A rapidly growing fintech startup needed a scalable, secure EKS environment for its trading platform, achieving a 3x transaction volume increase, 25% cost reduction, and 99.9% uptime.

8 min read
Fintech Startup
TBD
TBD
AWS EKS Deployment for Fintech

Technologies

AWS EKSAWS EC2AWS VPCAWS IAMAWS CloudWatchAWS NAT GatewayAWS RDSAWS Auto ScalingTerraformKubernetesCalicoGit

Challenges

Manual ManagementHigh CostsDelayed Deployments

Solutions

ScalabilitySecurityAutomation

Key Results

3x increase

transaction volume increase

25% cost savings

cost reduction

99.9% availability

uptime

From days to hours

deployment time reduction

Compliance with fintech standards

security

Scenario

A rapidly growing fintech startup aims to modernize its trading platform to handle increasing transaction volumes while ensuring security and scalability. The platform, built on microservices, requires a robust container orchestration system to manage workloads efficiently. The startup faces challenges in setting up a secure, scalable Kubernetes environment on AWS, including configuring a secure network architecture, managing access controls, and optimizing resource utilization. Manual infrastructure management has led to inconsistencies, high costs, and delayed deployments, hindering the platform's ability to scale with demand.

Task

As a DevOps engineer at AMJ Cloud Technologies, your task is to architect and deploy a scalable Amazon EKS (Elastic Kubernetes Service) cluster for the fintech startup using Terraform. The solution must include a secure 3-tier VPC architecture, automated provisioning of EKS clusters and node groups, and proper access controls to ensure a stable, cost-efficient, and secure environment for hosting containerized trading applications.

Action

To address the fintech startup's needs, AMJ Cloud Technologies implemented a comprehensive solution leveraging Terraform and AWS services to deploy a scalable and secure EKS environment. Below is a detailed breakdown of the actions taken and the technologies used:

  1. Infrastructure as Code with Terraform
    Terraform was chosen as the Infrastructure as Code (IaC) tool to ensure consistency, repeatability, and version control. By defining the entire infrastructure in Terraform configuration files, we enabled automated provisioning and management, reducing human error and deployment time. Key Terraform modules included:

    • VPC Module: Configured a 3-tier VPC with public, private, and database subnets across multiple availability zones to ensure high availability and fault tolerance.
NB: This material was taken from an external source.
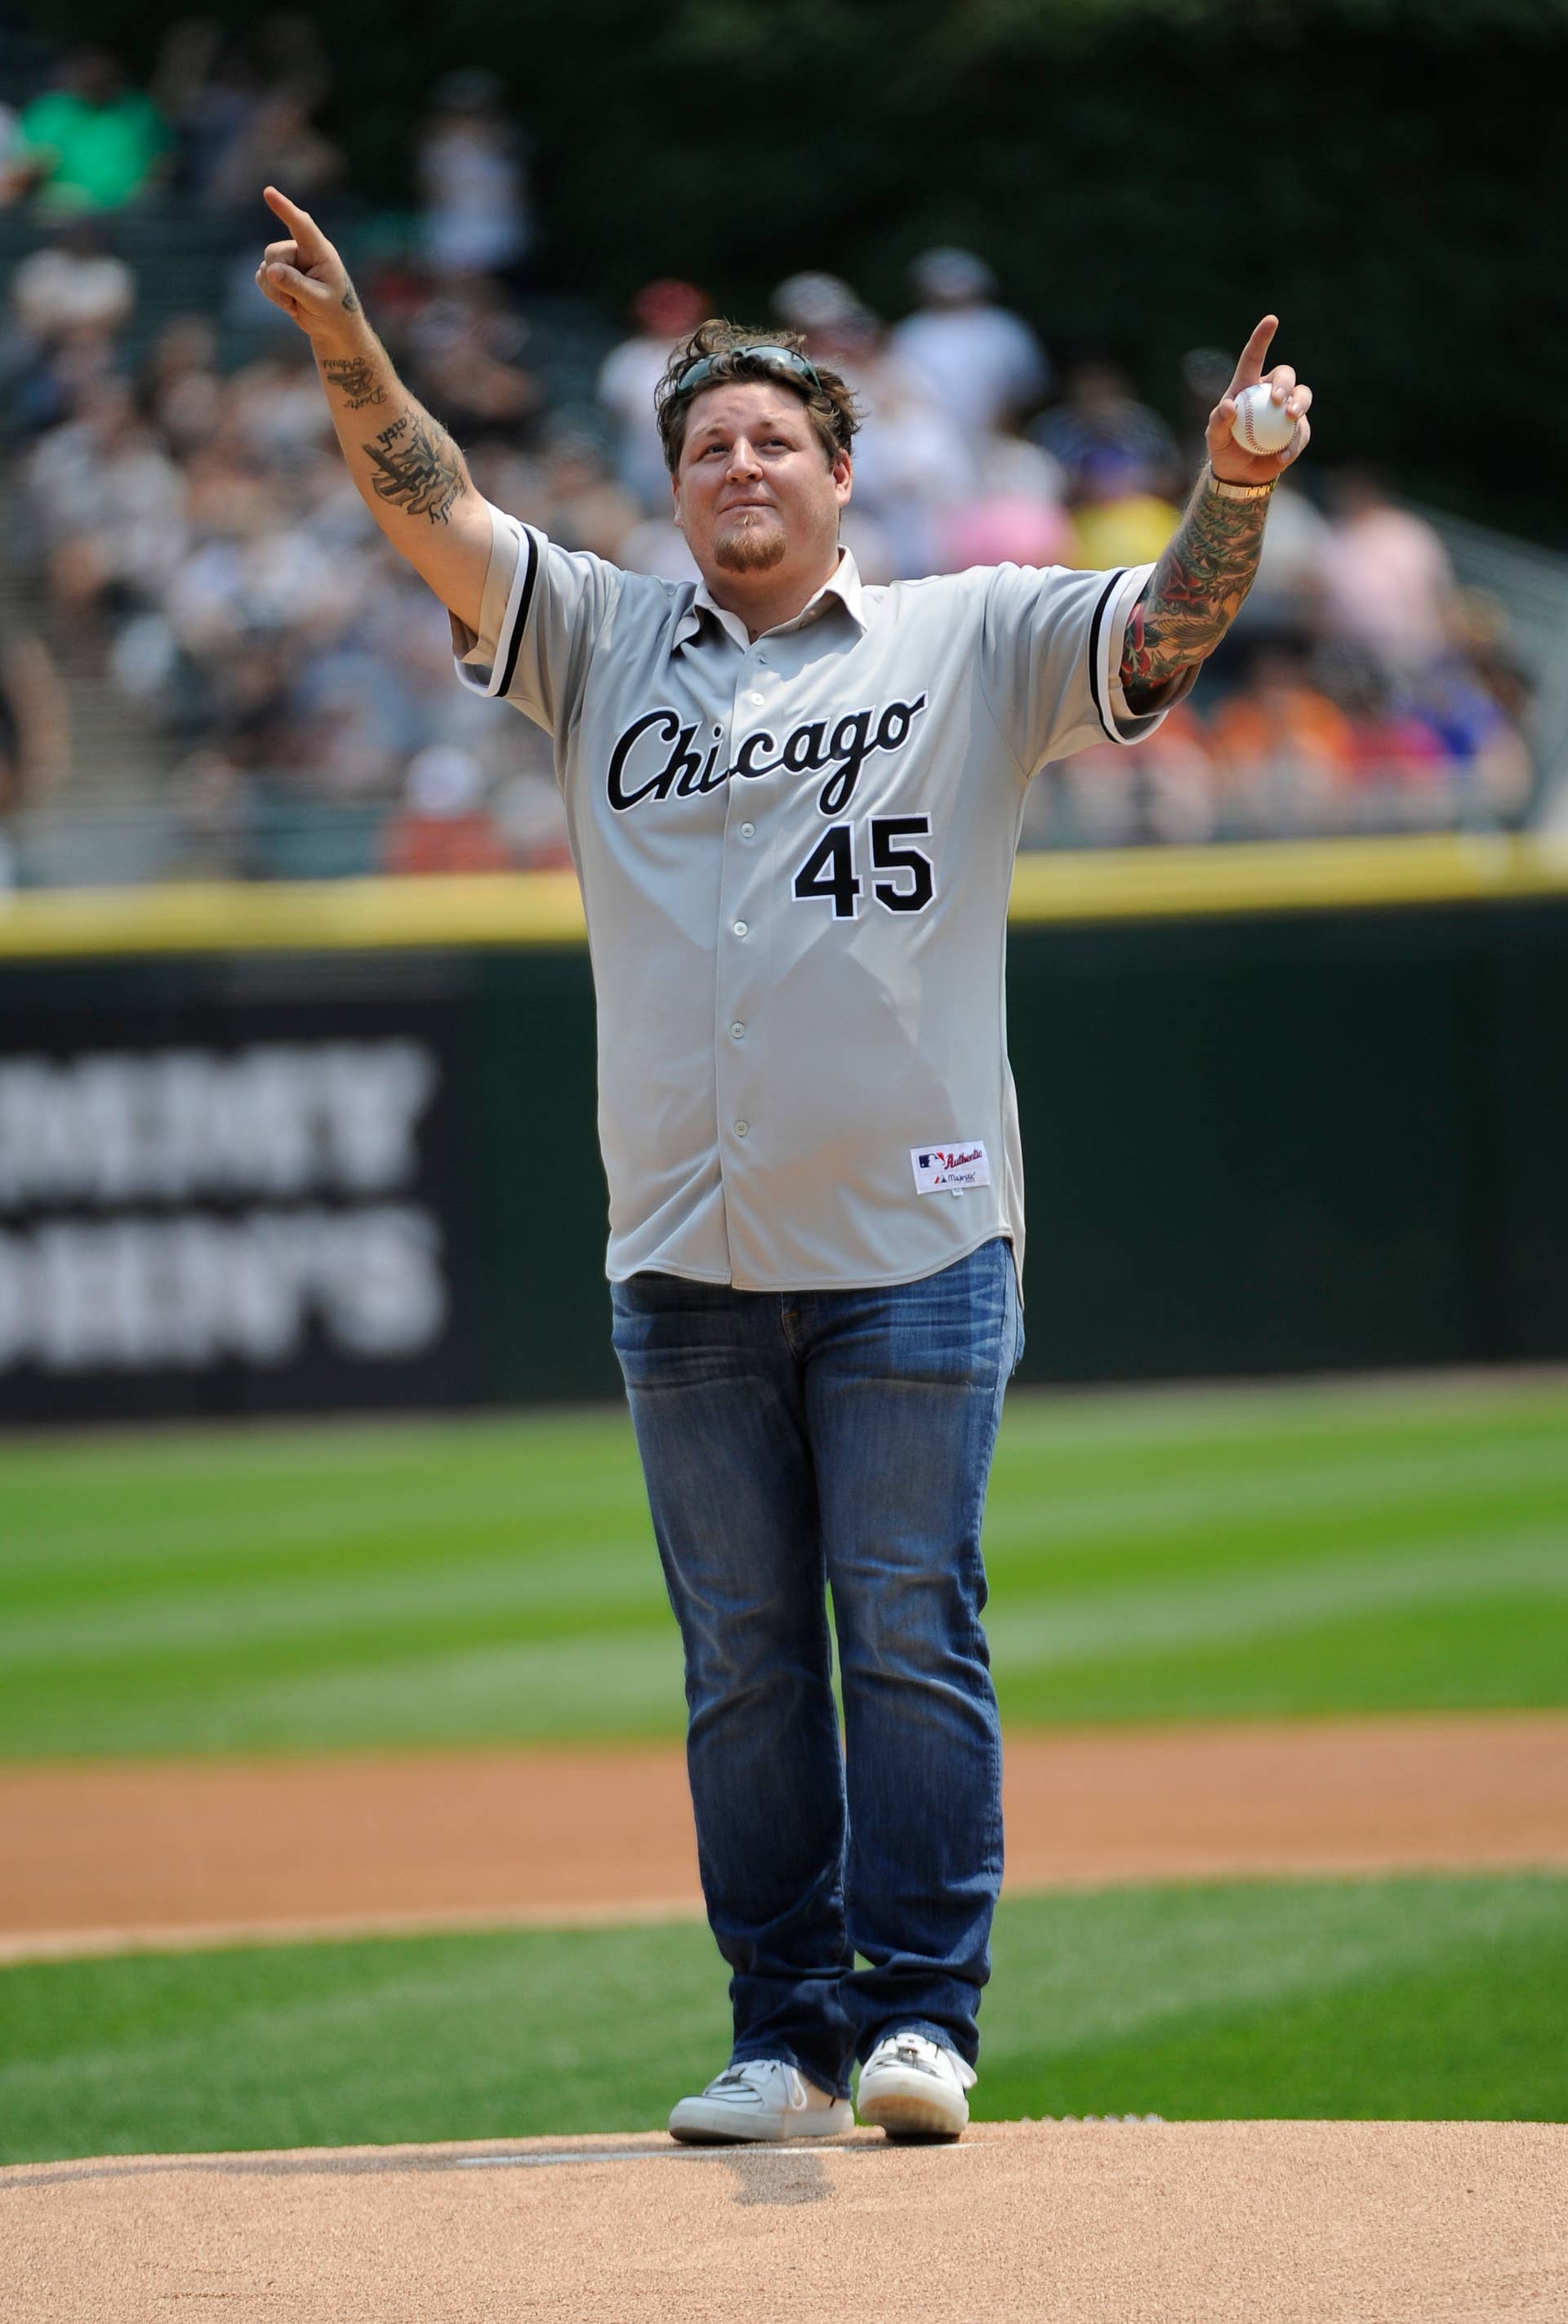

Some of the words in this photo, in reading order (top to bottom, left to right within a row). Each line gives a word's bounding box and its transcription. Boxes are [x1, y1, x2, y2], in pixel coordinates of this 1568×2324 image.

    • EKS Module: Provisioned the EKS cluster and node groups with autoscaling capabilities.

    • IAM Module: Defined roles and policies for secure EKS operations.
      Why Terraform? Terraform’s declarative approach allows for predictable deployments, while its provider ecosystem supports AWS services comprehensively. It also enables version control via Git, facilitating collaboration and auditability.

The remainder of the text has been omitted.